Postby Onix » Fri Sep 30, 2011 4:14 am

While I can't rule it out, I don't imagine a statistical analysis turning up much that we can't already guess at. Mainly because we might not be asking for the right statistics and therefore miss the point.

For example, I know that most of the RPGs we picked up was because of the artwork when we were kids. It didn't hurt to have a nice thick book either. In a way, pictures are a story delivery system but I don't think it mattered much what the story was as long as we liked the main theme (we did mostly sci-fi). Actual play usually ended up with the games that were relatively simple. We just ignored a lot of rules and boiled it down to dice rolls for combat and persuasion.

The core of that means to me, that if the story is easily conveyed, or if the story has already been conveyed in a movie or TV show, that's a big leg up.

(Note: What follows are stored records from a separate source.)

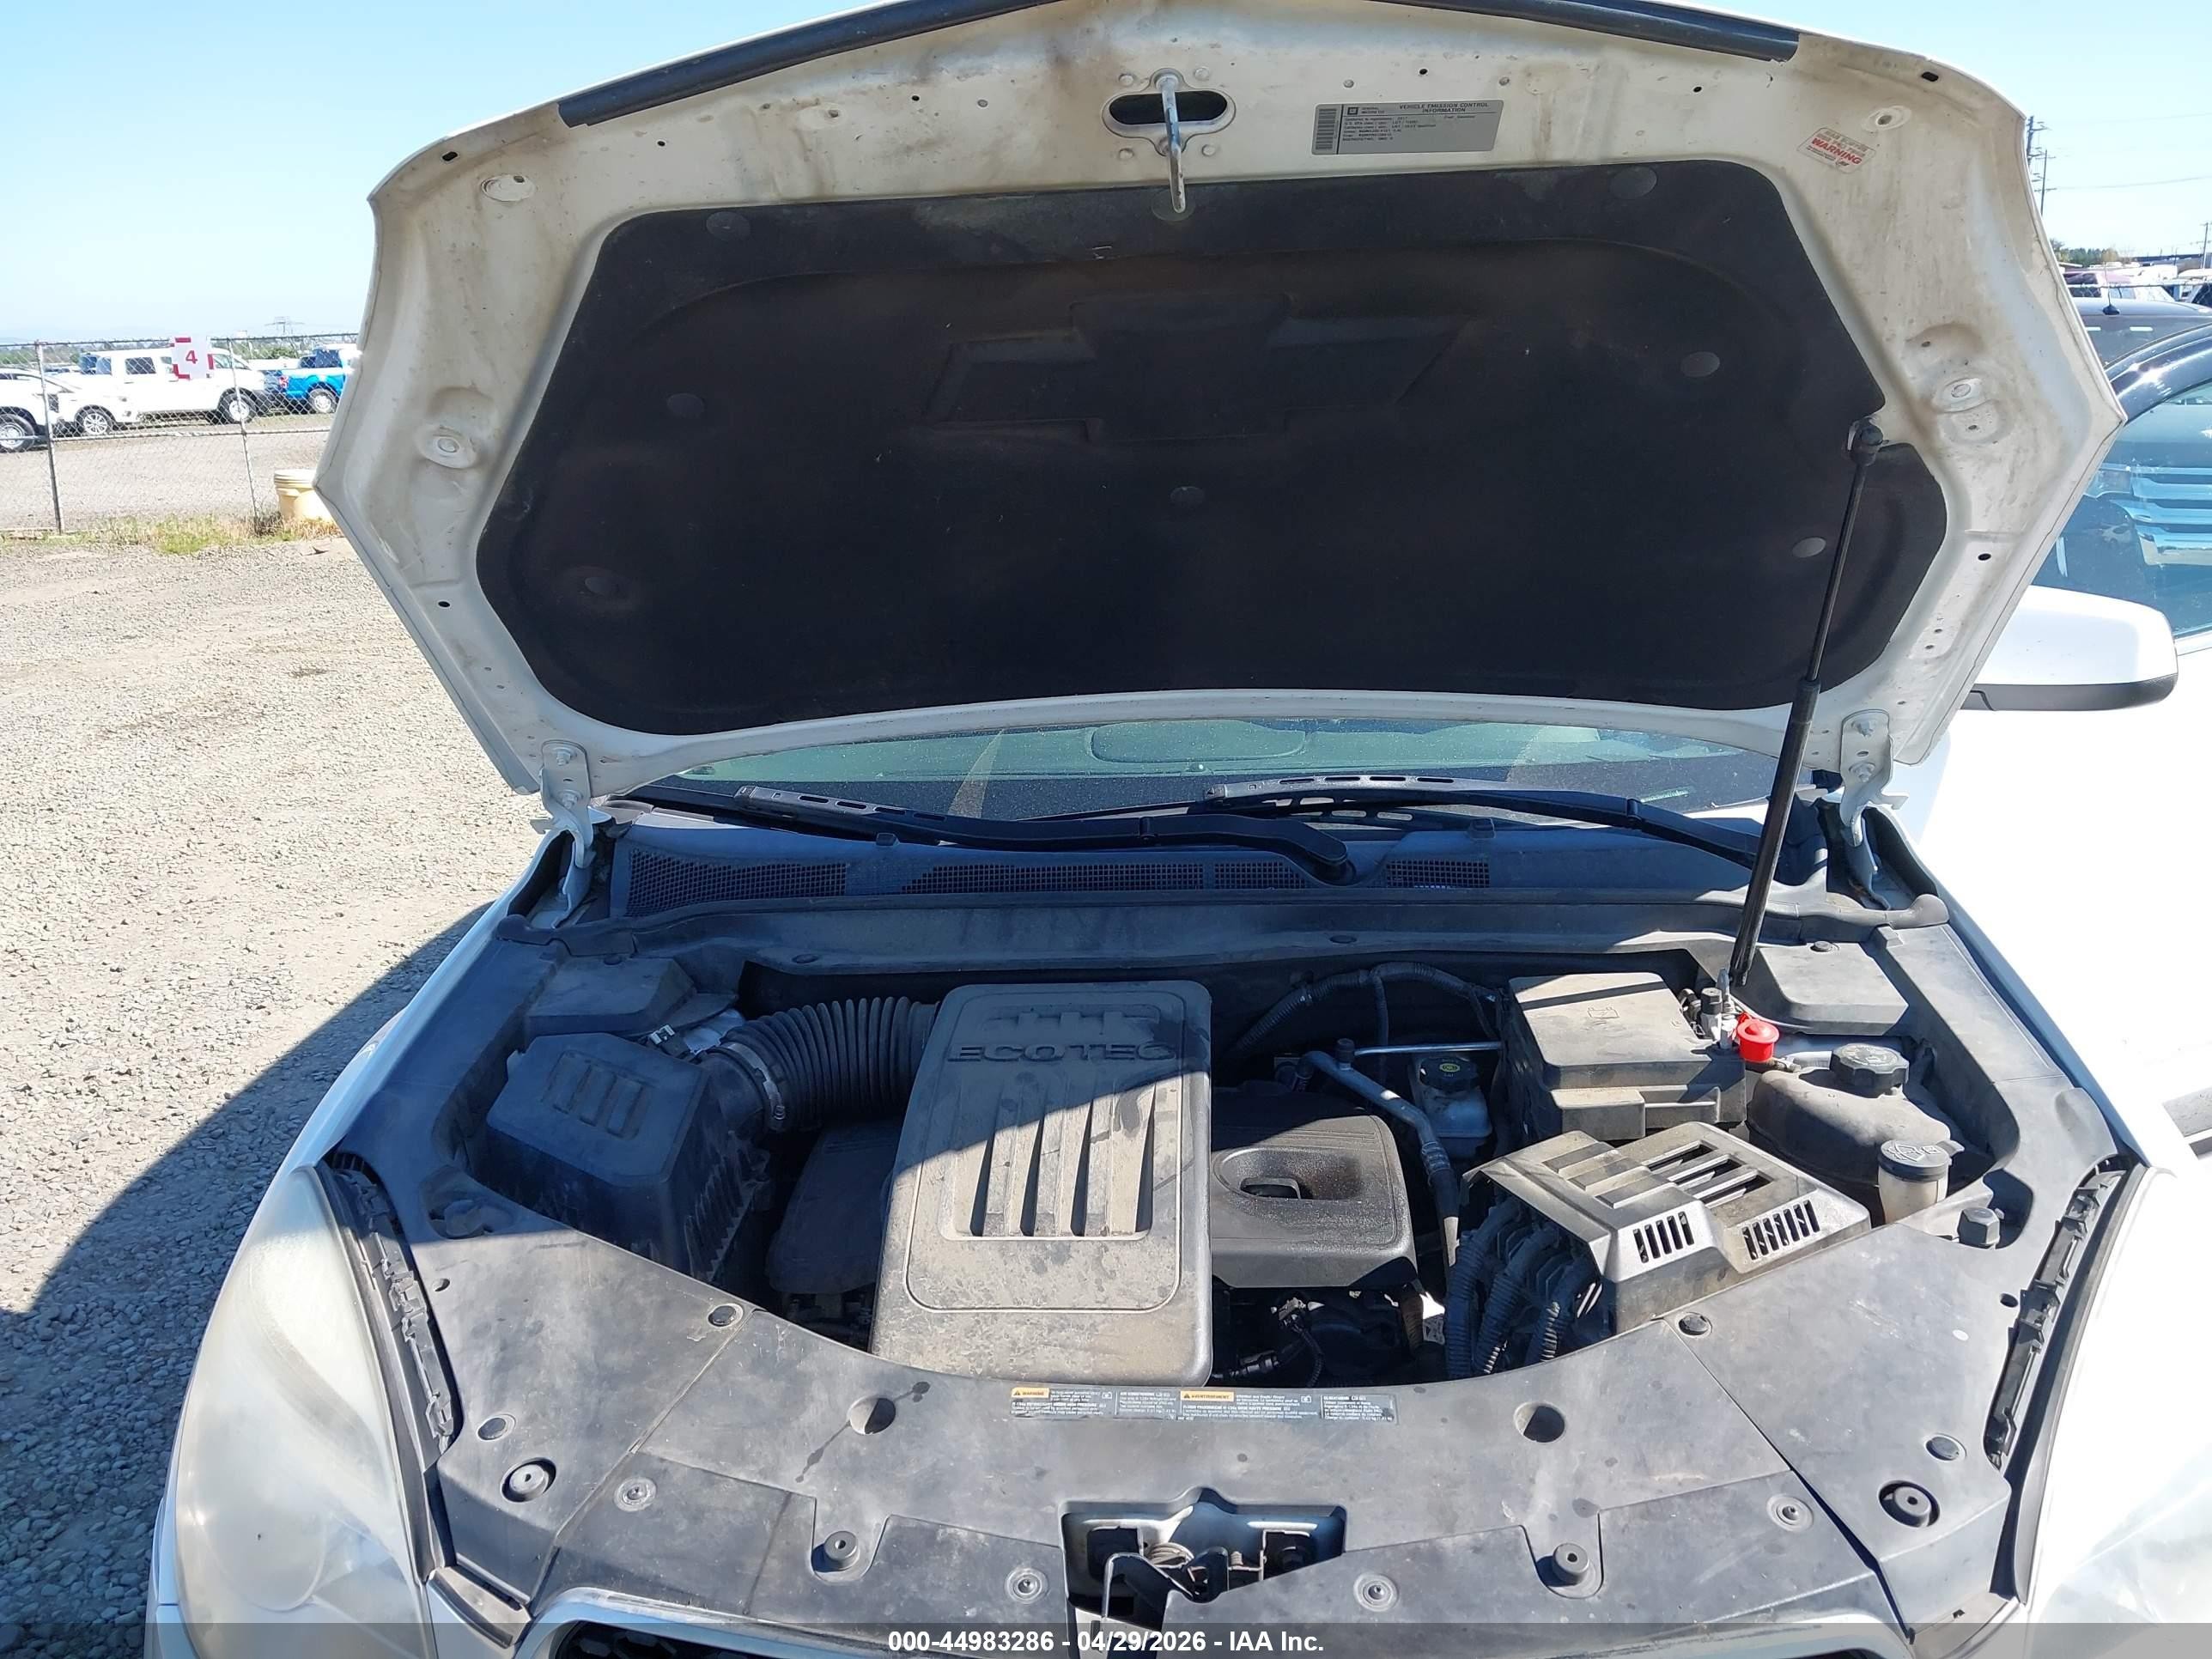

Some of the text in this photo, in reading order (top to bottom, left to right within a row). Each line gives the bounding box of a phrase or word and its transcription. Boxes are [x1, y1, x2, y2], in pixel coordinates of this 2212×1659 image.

[1811, 137, 1863, 165] WARNING
[185, 350, 198, 364] 4
[948, 1043, 1177, 1062] ECOTEC
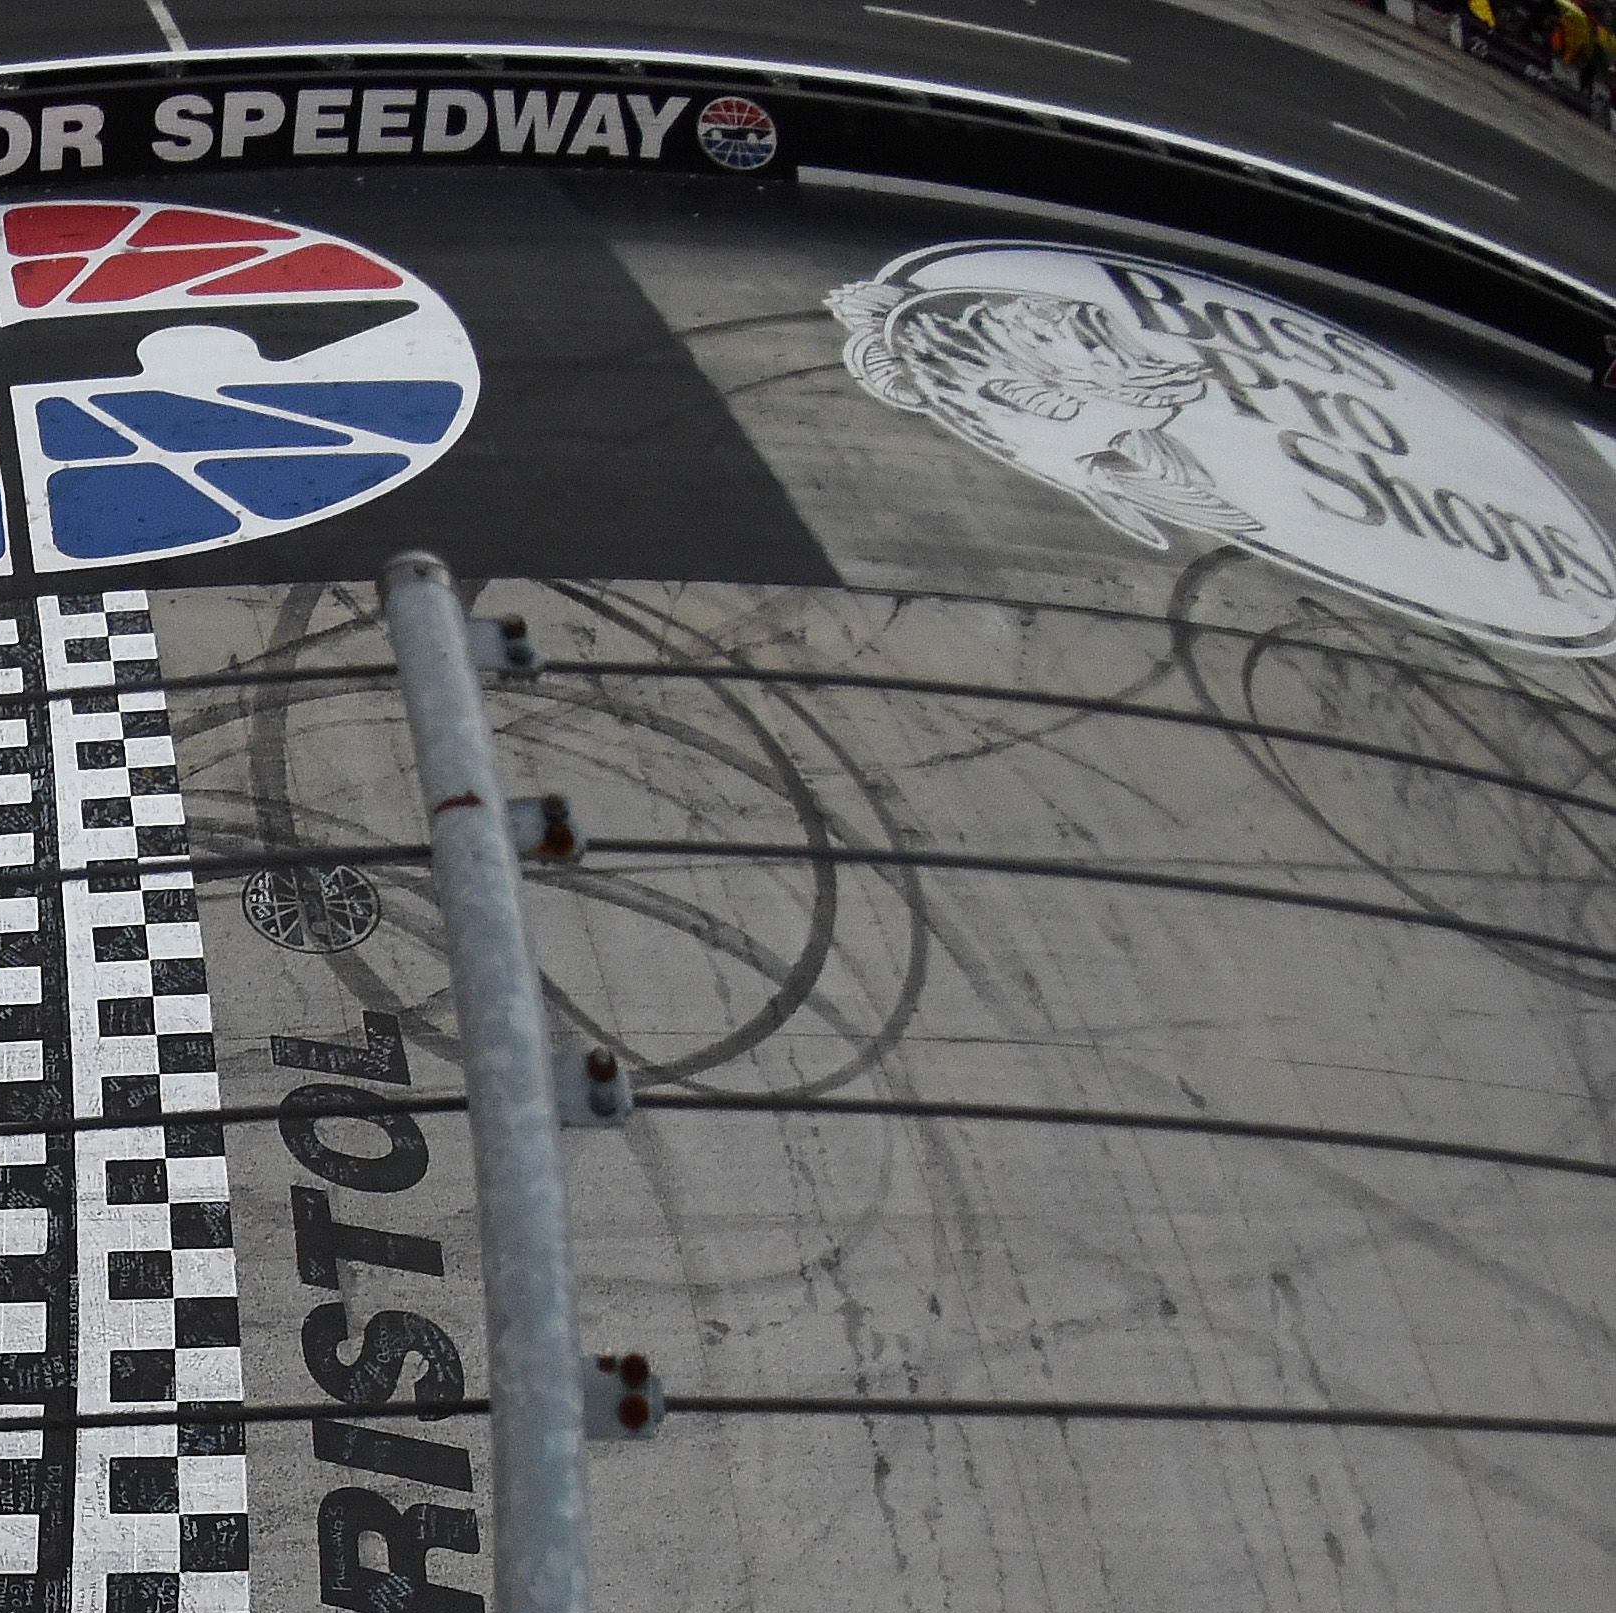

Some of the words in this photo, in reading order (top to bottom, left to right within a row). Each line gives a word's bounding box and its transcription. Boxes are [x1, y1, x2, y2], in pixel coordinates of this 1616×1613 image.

[152, 87, 690, 163] SPEEDWAY
[1095, 261, 1398, 393] Bass
[1196, 343, 1411, 458] Pro
[1277, 428, 1616, 608] Shops

For example Rifts is easily conveyed as "World is in chaos as dimensions crash together, everything is in ruins and everything is possible". It's a sentence and you have 70% of the concept. The rest is just adding on to that.

Now some stories although good, don't translate well to an RPG. Star Trek is a good example. There are a few editions of Trek RPGs out there but not many people play them. Why? We tried and found that it's really hard to come up with the random stories and tech that most shows revolve around and not break cannon. Maybe some don't care about the cannon part but the games didn't inspire much. I think they failed to capture what the shows were really about in their system.

Which brings me to this story has to start simple and be conveyed in a sentence. System also has to be simple enough to start. Complexity can be brought in later once the players are hungry for more.